In Wix's favor, and to the reader's benefit, two things. Wix grows faster at the top line — mid-teens versus GoDaddy's high-single-digits — because it is still adding users, where GoDaddy's customer count is flat. And Wix tells investors something GoDaddy does not: a net revenue retention figure of 105% in 2025 [21], a clean measure of whether existing customers spend more or less over time. GoDaddy publishes gross retention (~85%) and ARPU, but no net-revenue-retention number — so a thesis that rests on per-customer expansion is being asked to trust a metric the company keeps to itself. On the available evidence the two look similar: GoDaddy's 10% ARPU gain on a roughly flat customer base implies net expansion in the same neighborhood as Wix's 105%.

What management is steering toward

Management frames the mix shift as the plan, not an accident. At its 2024 investor day GoDaddy described Applications and Commerce momentum as "a tailwind to profitability and free cash flow per share," with the segment reaching 40%-plus of revenue by 2026 (it was 38% in 2025) [22]. The medium-term "North Star" attaches numbers: 6%–8% annual revenue growth through 2026, a roughly 33% normalized-EBITDA margin in 2026, and cumulative free cash flow above $4.5 billion over 2024–2026 [23]. The 2024 scorecard came in ahead on the profitability lines — 31% normalized-EBITDA margin, ~400 bps of expansion, and 21% Applications and Commerce bookings growth [24]. The margin story, so far, is being delivered by exactly the segment this chapter isolates.

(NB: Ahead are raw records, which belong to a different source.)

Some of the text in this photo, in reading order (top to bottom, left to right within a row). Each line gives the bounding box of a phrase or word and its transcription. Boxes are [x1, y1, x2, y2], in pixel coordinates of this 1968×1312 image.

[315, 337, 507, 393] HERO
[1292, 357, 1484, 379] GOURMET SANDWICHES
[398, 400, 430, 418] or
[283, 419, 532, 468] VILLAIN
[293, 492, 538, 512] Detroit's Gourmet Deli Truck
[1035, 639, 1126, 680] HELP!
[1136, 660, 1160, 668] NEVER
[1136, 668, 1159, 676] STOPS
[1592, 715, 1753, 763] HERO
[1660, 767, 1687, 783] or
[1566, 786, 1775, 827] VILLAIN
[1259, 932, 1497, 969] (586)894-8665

The read: the ARPU engine that carries the whole investment case is higher-quality than a flat customer count first suggests. It is a mix shift into a structurally more profitable, still-double-digit-growth segment, reinforced by a payments flywheel scaling three times faster than the company — customers buying more, not merely paying more. The strongest fact against that read is disclosure, not economics: GoDaddy withholds the net-revenue-retention and standalone-commerce figures that would let an outsider verify durability, and the headline 45% segment margin is a contribution measure, not a fully-loaded one. What would change the read is visible in the quarterly lines — Applications and Commerce growth slipping toward Core's mid-single-digits, GPV growth stalling as Wix's has, or ARPU flattening while the customer count keeps shrinking.